• **Data**:
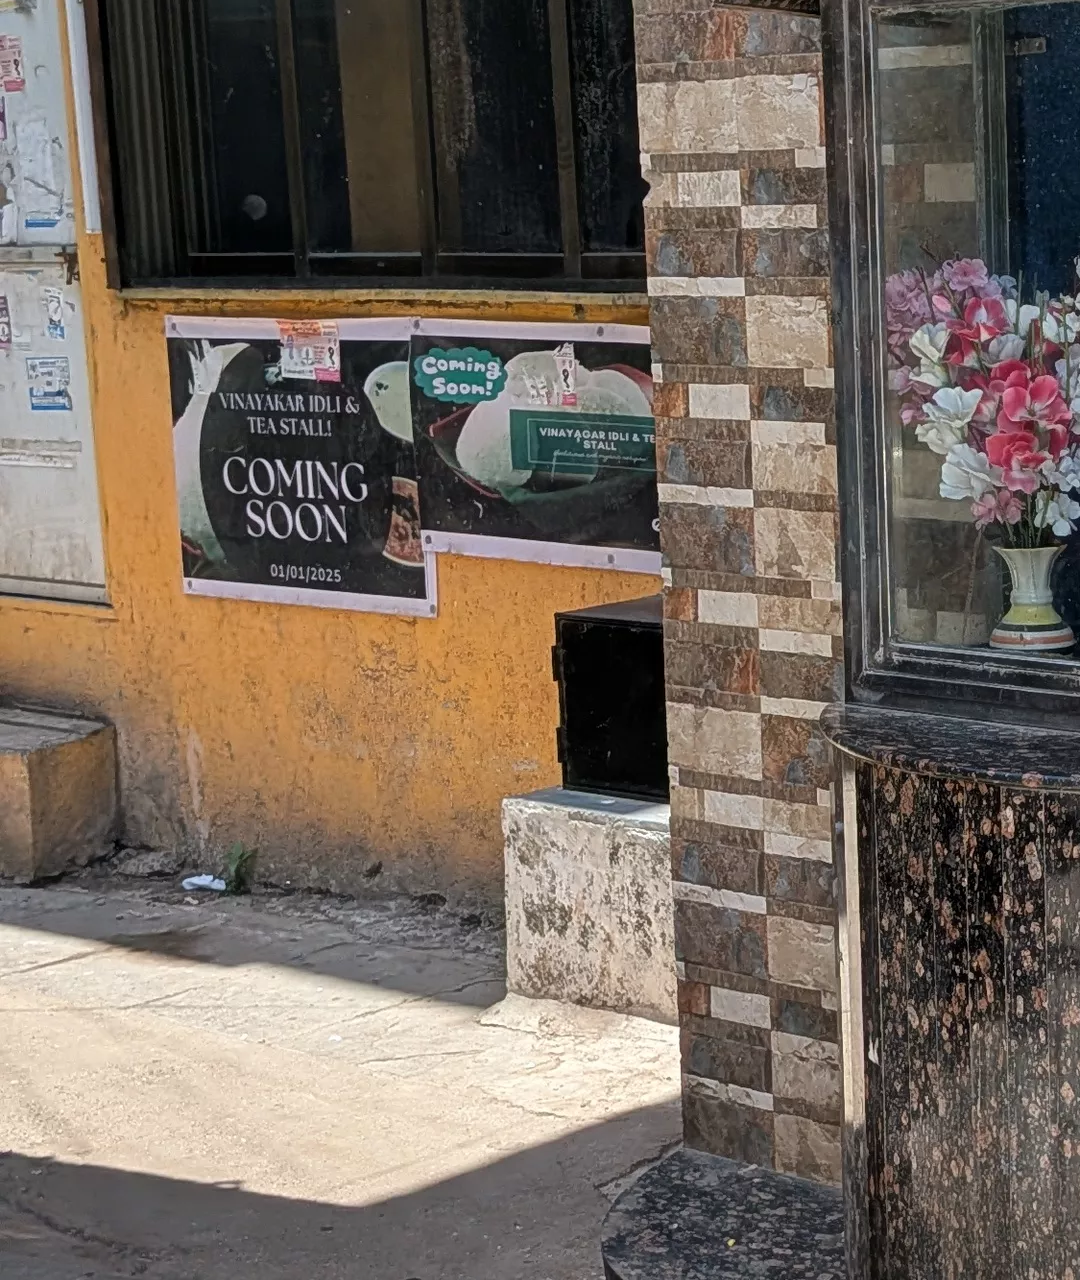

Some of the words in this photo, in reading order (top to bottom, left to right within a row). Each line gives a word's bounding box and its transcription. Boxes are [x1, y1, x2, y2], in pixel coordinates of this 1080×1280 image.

[422, 356, 502, 380] Coming
[432, 377, 493, 396] Soon!
[219, 392, 305, 413] VINAYAKAR
[309, 395, 341, 413] IDLI
[345, 396, 360, 414] &
[247, 417, 277, 435] TEA
[280, 418, 332, 437] STALL!
[539, 427, 606, 440] VINAYAGAR
[608, 431, 629, 441] IDLI
[632, 433, 640, 442] &
[642, 433, 656, 443] TE
[583, 440, 617, 451] STALL
[222, 456, 369, 503] COMING
[245, 499, 348, 544] SOON
[270, 563, 342, 583] 01/01/2025

• **Task instructions**:
Your answer must be the records above, word for word, with no pictures.

• **Reply**:
Some of the words in this photo, in reading order (top to bottom, left to right within a row). Each line gives a word's bounding box and its transcription. Boxes are [x1, y1, x2, y2], in pixel coordinates of this 1080×1280 image.

[422, 356, 502, 380] Coming
[432, 377, 493, 396] Soon!
[219, 392, 305, 413] VINAYAKAR
[309, 395, 341, 413] IDLI
[345, 396, 360, 414] &
[247, 417, 277, 435] TEA
[280, 418, 332, 437] STALL!
[539, 427, 606, 440] VINAYAGAR
[608, 431, 629, 441] IDLI
[632, 433, 640, 442] &
[642, 433, 656, 443] TE
[583, 440, 617, 451] STALL
[222, 456, 369, 503] COMING
[245, 499, 348, 544] SOON
[270, 563, 342, 583] 01/01/2025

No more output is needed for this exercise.